Sua estrutura conforma-se numa base granular de 600mm de espessura e 40mm de areia para assentamento dos blocos de 80mm, com três formatos diferentes: 100mm x 100mm; 100mm X 200mm; e 200mm x 200mm. As peças foram colocadas seguindo um padrão aparentemente aleatório. Ao entrar na península, na área do projeto, a estrada é muito plana, mas à medida que avança se torna mais curva e inclinada, chegando a até 25% de inclinação nas proximidades do hotel Four Seasons. O último trecho, dentro da propriedade do hotel, foi feito com peças retangulares de 100mm x 200mm, colocadas na “espinha de peixe”.

Na parte alta, a estrada atravessa um campo de golfe e, por solicitação do arquiteto, nessa área o pavimento foi construído com blocos num único sentido de colocação, obedecendo aos pontos cardeais. Ao longo dos 7km, a estrada não conta com nenhum confinamento transversal.

Como a via foi a primeira obra na área, ela suportou – impecavelmente – toda a carga do transporte dos materiais para a construção do Four Seasons e seguirá recebendo as cargas das futuras construções.

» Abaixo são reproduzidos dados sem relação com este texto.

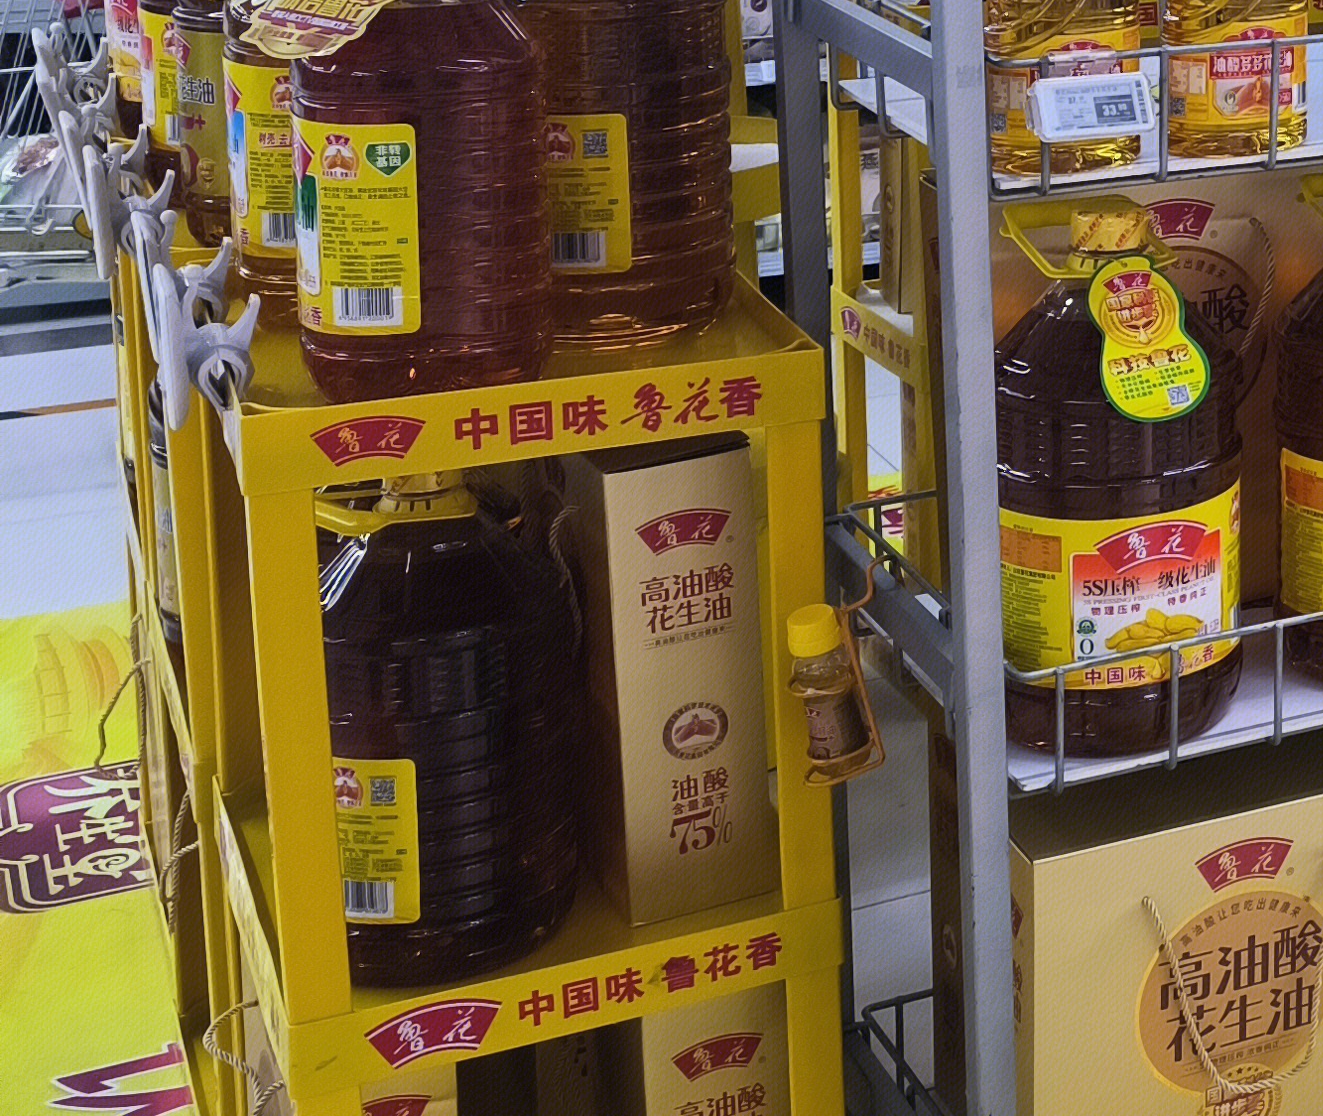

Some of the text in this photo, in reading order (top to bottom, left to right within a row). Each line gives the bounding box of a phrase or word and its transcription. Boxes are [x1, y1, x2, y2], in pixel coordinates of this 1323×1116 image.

Os projetos de engenharia e pavimento, bem como o controle da obra, foram realizados pela DEHC, empresa de engenharia de San José, Costa Rica. Coube à PC – Productos de Concreto, também da capital, a fabricação dos blocos intertravados.

Parque Ecoturístico El Salado, em Envigado Colômbia
No início de 2004 foi concluída a construção de 680m de uma estrada de montanha, na parte alta de Envigado, cidade a sudeste de Medellín. O trecho, primeiro construído oficialmente como estrada no país, é uma variante a um caminho pavimentado que dá acesso a várias casas rurais e ao Parque Ecoturístico El Salado, ainda em implantação.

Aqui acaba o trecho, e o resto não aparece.